We head into a part of the township that seems more dense than we’ve just walked through. Rather than streets, there are just narrow alleyways that wind around the shacks made of uneven sheets of corrugated iron.
It’s darker here with only narrow gaps for the sun to get in. The ground is covered in dirt and you could stretch out and touch two or three homes at once.
Thembi explains that if a fire starts in one shack, it can easily and quickly spread through the area and every few months dozens of families are made homeless when this exact scenario happens.
I hear a few sets of feet running through the alleys behind me, getting closer. Suddenly I realise that I had completely forgotten any fears I had about Kayamandi – but they’ve instantly come back.
I turn defensively to face the approaching sound just as the beaming faces of four young children come around the corner.
“Photo, photo!” they squeal at me. I get down on one knee and snap a few photos of them and then turn the camera around to show them the shots on the screen.
They all giggle and hug each other as they look at the images and then at their friends, as if to make sure the likeness is accurate. They thank me, smile, and then run away again.
Hang on. Why was I ever scared here?
It’s not the only time that’s going to happen to me here this afternoon. There does indeed seem to be a real sense of community here – exactly how Mama and Thembi described it to me.
But it would be unfair to dismiss the legitimate social issues like poverty that are still prevalent in Kayamandi.
We visit a kindergarten full of toddlers and young children which is just across the road from the local high school. It’s located here because the mothers of most of the children are teenagers who spend their weekdays in classrooms next door.
The toddlers seem excited by their visitors and I get mobbed, with so many kids climbing on me that I’m trapped on the ground for a few minutes.
I am starting to realise that here in the Kayamandi township, like any society, there is a range of socioeconomic groups, a range of lifestyles, a range of dreams, a range of ambitions, a range of realities.
Portia Mpangwa is a good example of this.

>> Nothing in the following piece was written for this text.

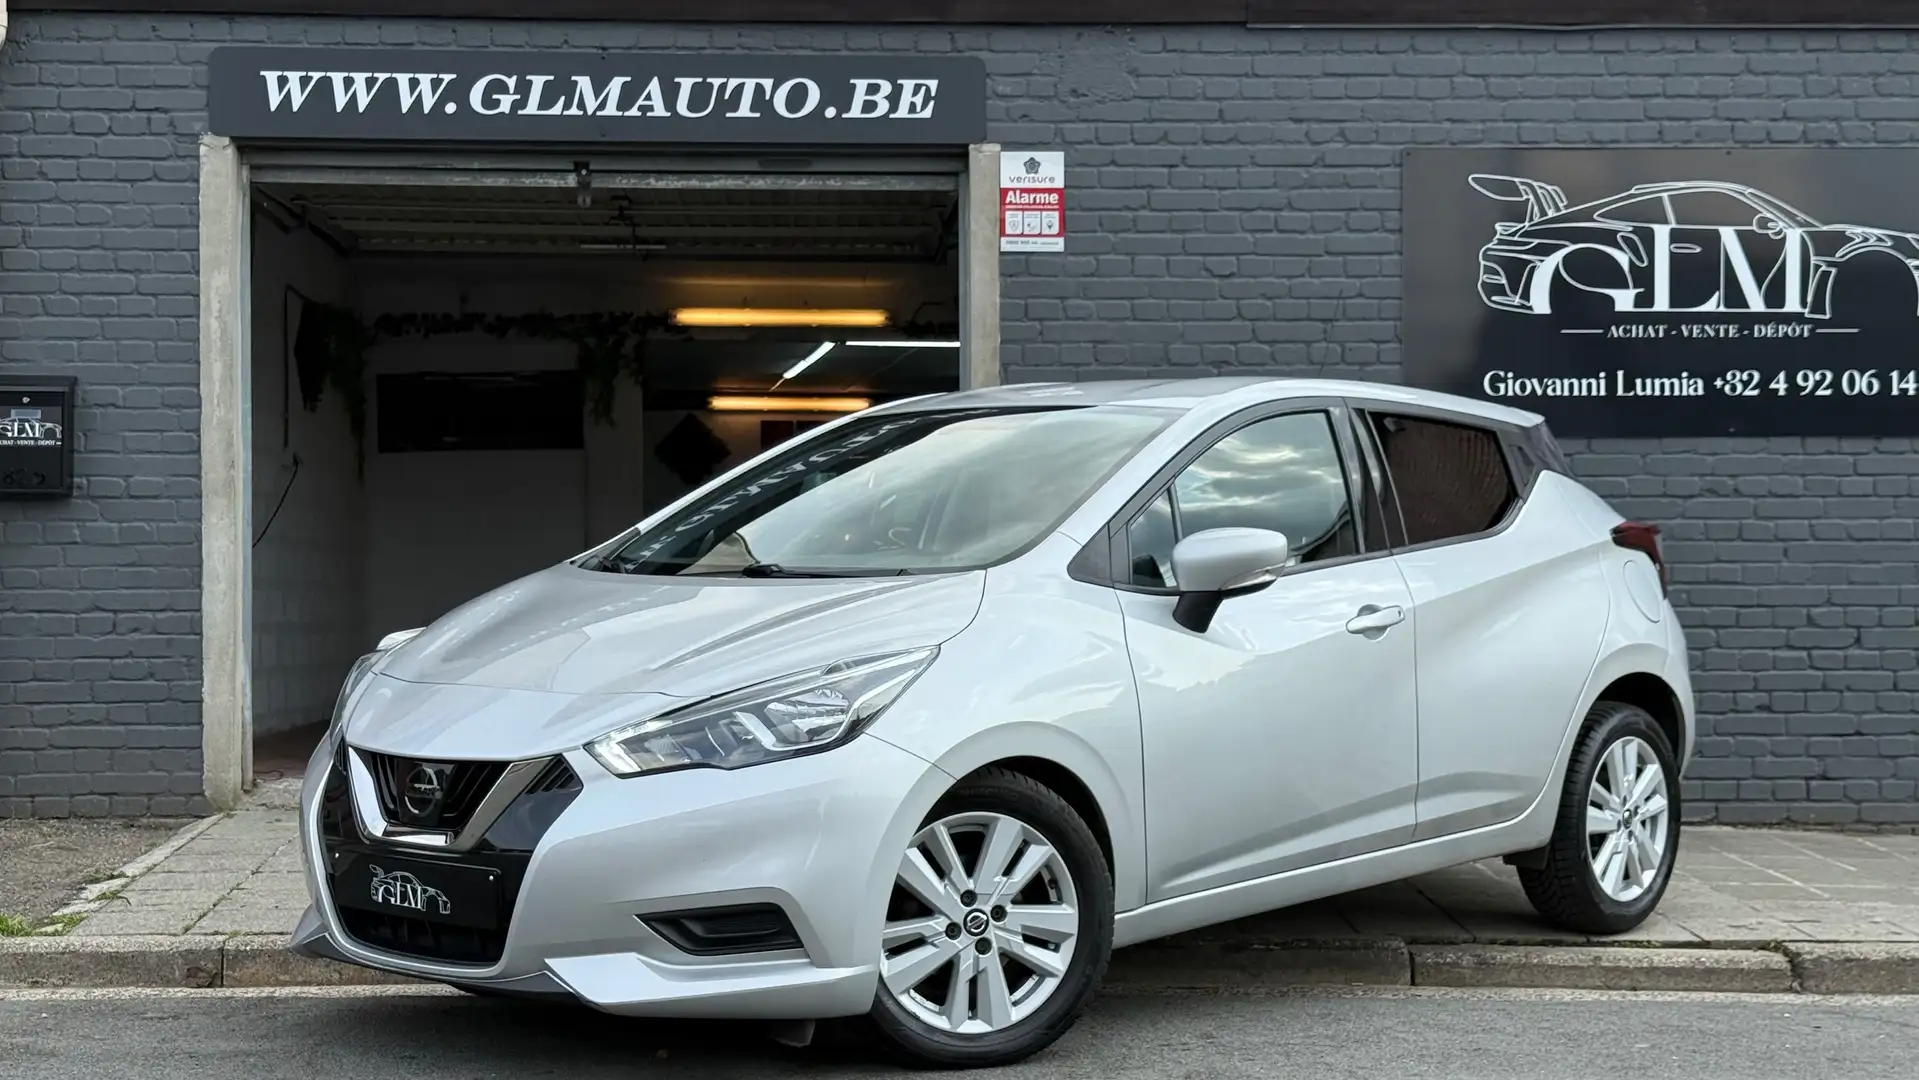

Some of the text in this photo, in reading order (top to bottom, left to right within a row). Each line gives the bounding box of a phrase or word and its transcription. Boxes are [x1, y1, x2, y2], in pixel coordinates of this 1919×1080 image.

She has set up her own jewellery shop in the community – something that didn’t exist like this previously.
She makes her pieces by hand, based on her own designs and sells mainly to the tourists that are now starting to visit. Although she still gets some interest from the locals.
“I love the beads,” she explains to me.
“I love them. I have a passion for designing jewellery. If you do something, you need to have love and passion.”

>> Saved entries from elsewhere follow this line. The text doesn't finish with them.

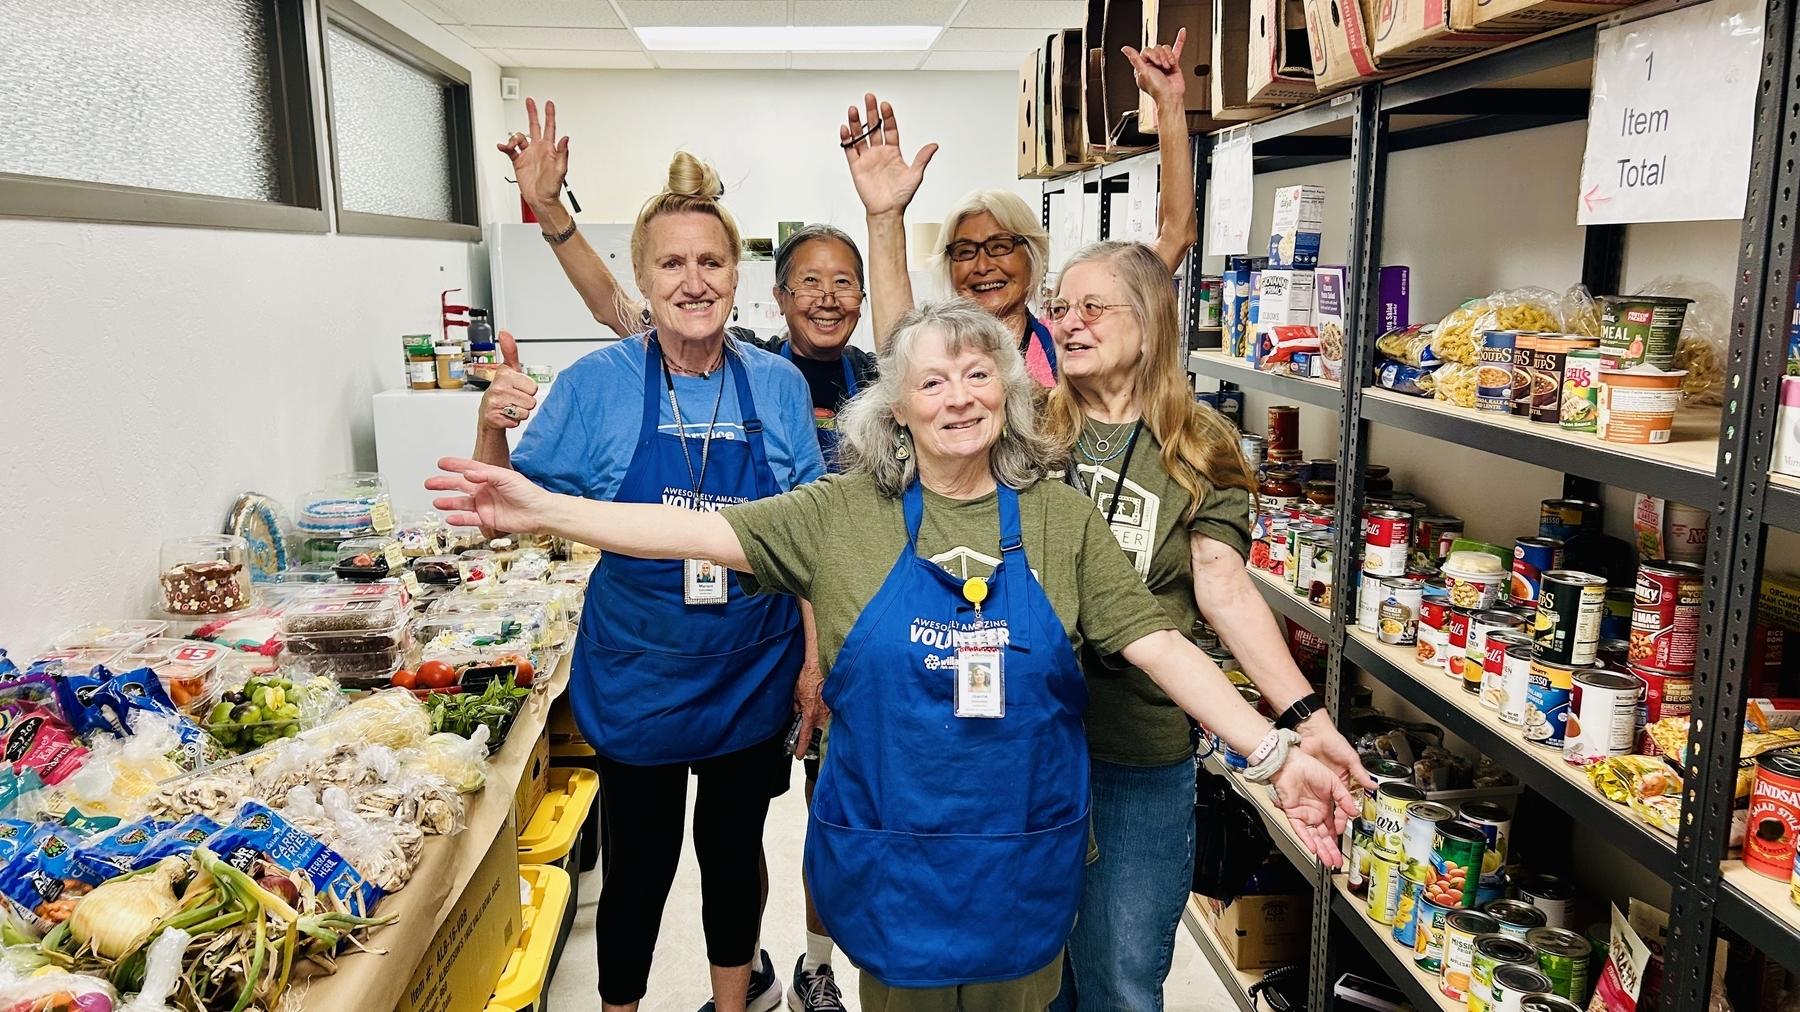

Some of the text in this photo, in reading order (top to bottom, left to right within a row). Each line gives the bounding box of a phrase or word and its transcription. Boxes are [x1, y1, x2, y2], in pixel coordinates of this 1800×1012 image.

[1645, 51, 1654, 81] 1
[1621, 107, 1669, 137] Item
[1617, 155, 1667, 189] Total
[1385, 303, 1393, 321] Salad
[715, 494, 749, 504] AMAZING
[913, 617, 960, 632] AWESOLY
[1639, 611, 1660, 625] MAC
[37, 741, 60, 761] Kale
[1752, 802, 1800, 831] SALAD STYLE
[272, 827, 301, 859] CARRO
[283, 832, 310, 862] FRIES
[231, 846, 249, 867] AIR
[318, 860, 338, 878] HERB
[410, 979, 425, 1007] Item
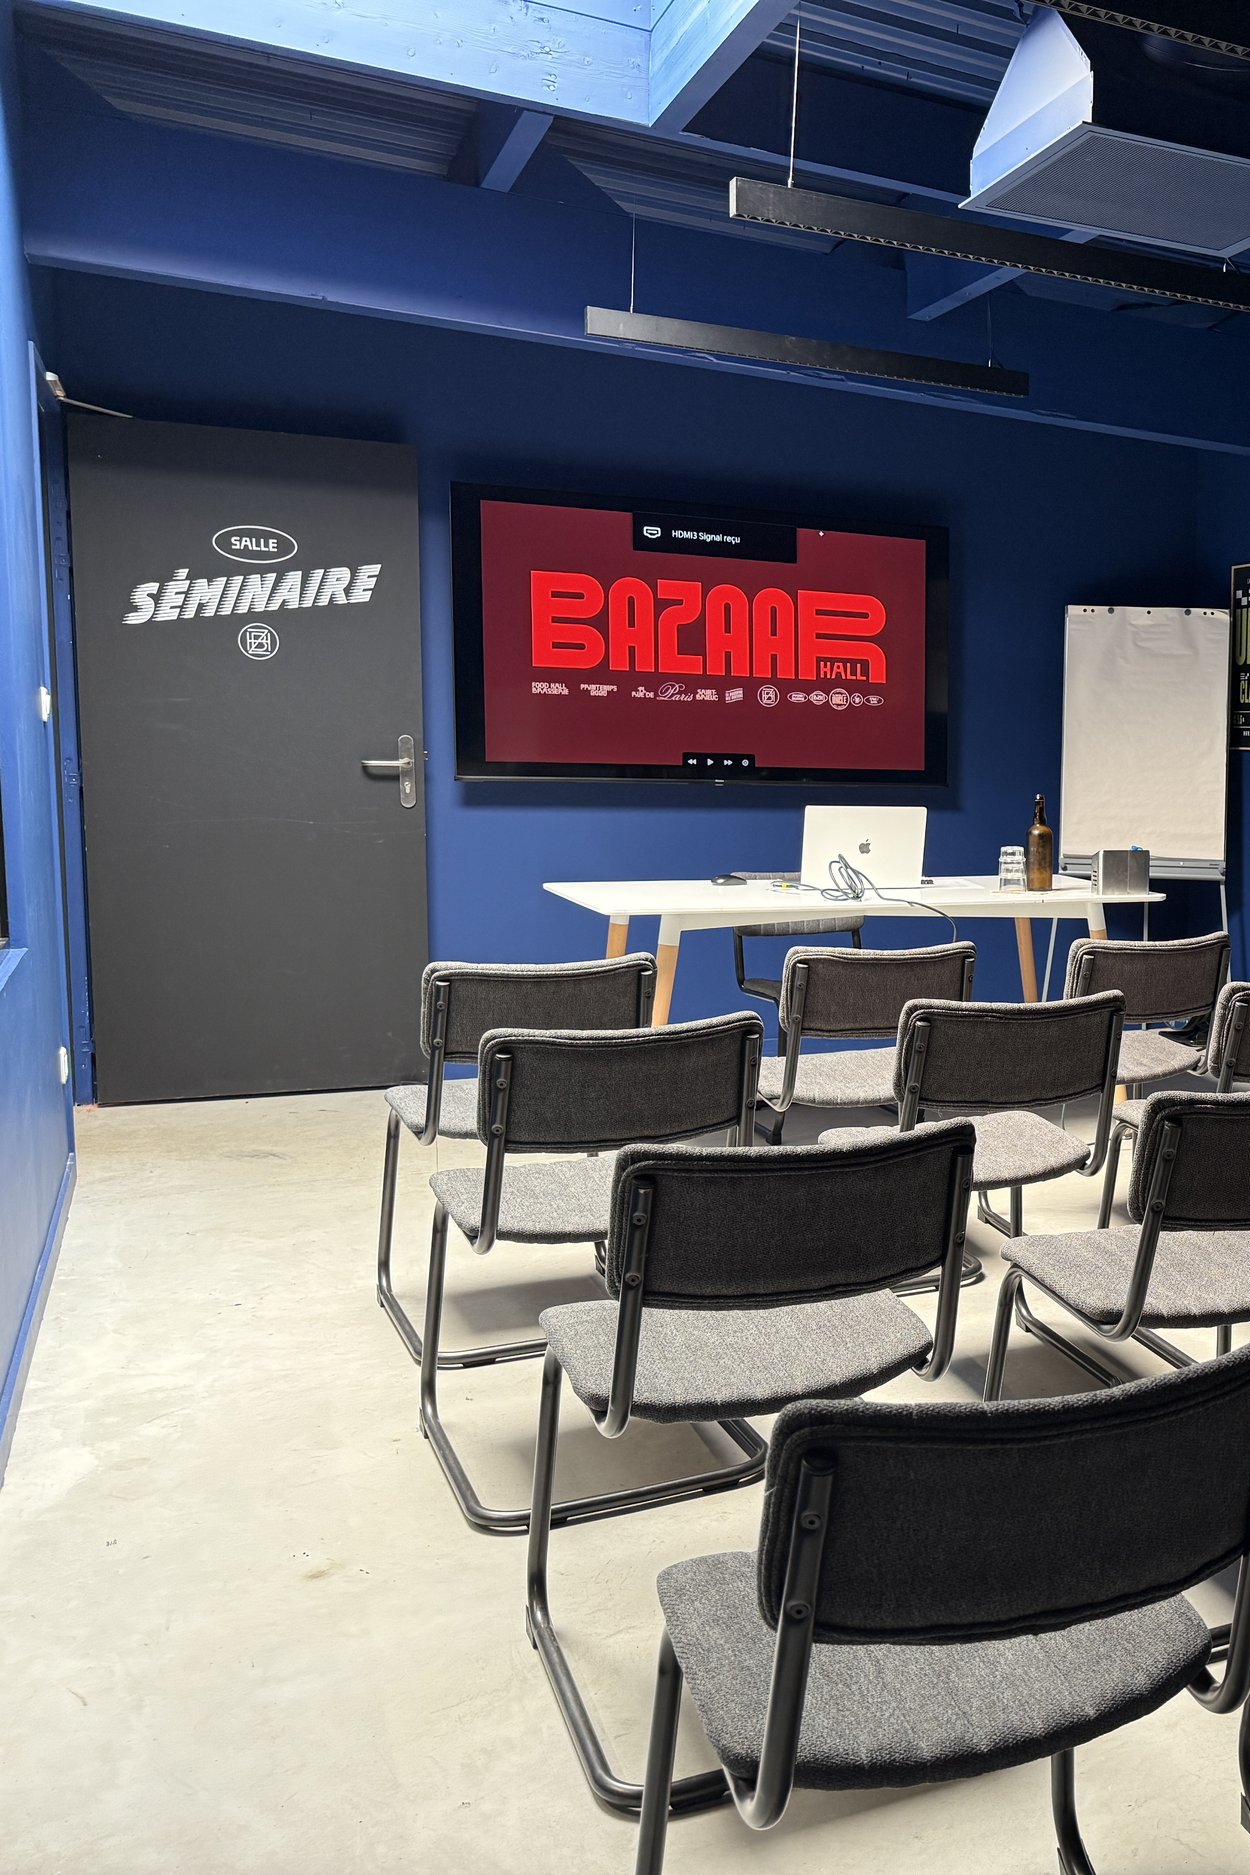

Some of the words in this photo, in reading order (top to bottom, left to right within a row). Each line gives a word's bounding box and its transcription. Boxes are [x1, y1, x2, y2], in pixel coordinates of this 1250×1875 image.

[230, 536, 278, 552] SALLE
[671, 529, 698, 540] HDMI3
[698, 531, 723, 543] Signal
[723, 535, 741, 545] reçu
[121, 563, 382, 624] SÉMINAIRE
[530, 569, 887, 683] BAZAAR
[819, 661, 868, 681] HALL
[656, 682, 694, 702] Paris

The ‘ripeness’ that Thembi described right at the start is making sense the more I meet people here in Kayamandi.
I have some great conversations with people and laugh more than I have all day. There are some great characters and they are happy to chat.
I ask Thembi a hypothetical question about whether she would ever want to move to one of the mansions in nearby Stellenbosch.
“My grandmother brought us up – my cousins and I – to be happy because those big walls don’t necessarily mean they are happy,” she answers.
“I grew up wearing second hand clothes but I was the best stylish girl ever. I am still going to the second hand shops because I can use the money for something more important.”
“So the houses… well, it’s everyone’s dream to build their parents a big house. But it’s not that I want to take my parents or my grandparents to town. I want to build here.”
I remember that Mama Swartbooi said a pretty similar thing to me when we were talking about the same topic.
“I love beautiful things. I go to second hand stores – I also go to bazaars and garage sales. I get what I want there, something special.”
And that’s what Kayamandi is to both of them – and to so many of the other people who live here.
Compared to other cities, it may seem more like a garage sale than a mall of designer outlets. That doesn’t mean it’s not full of beautiful and special things, though.
And, to me at least, those beautiful special things are the people I have met this afternoon.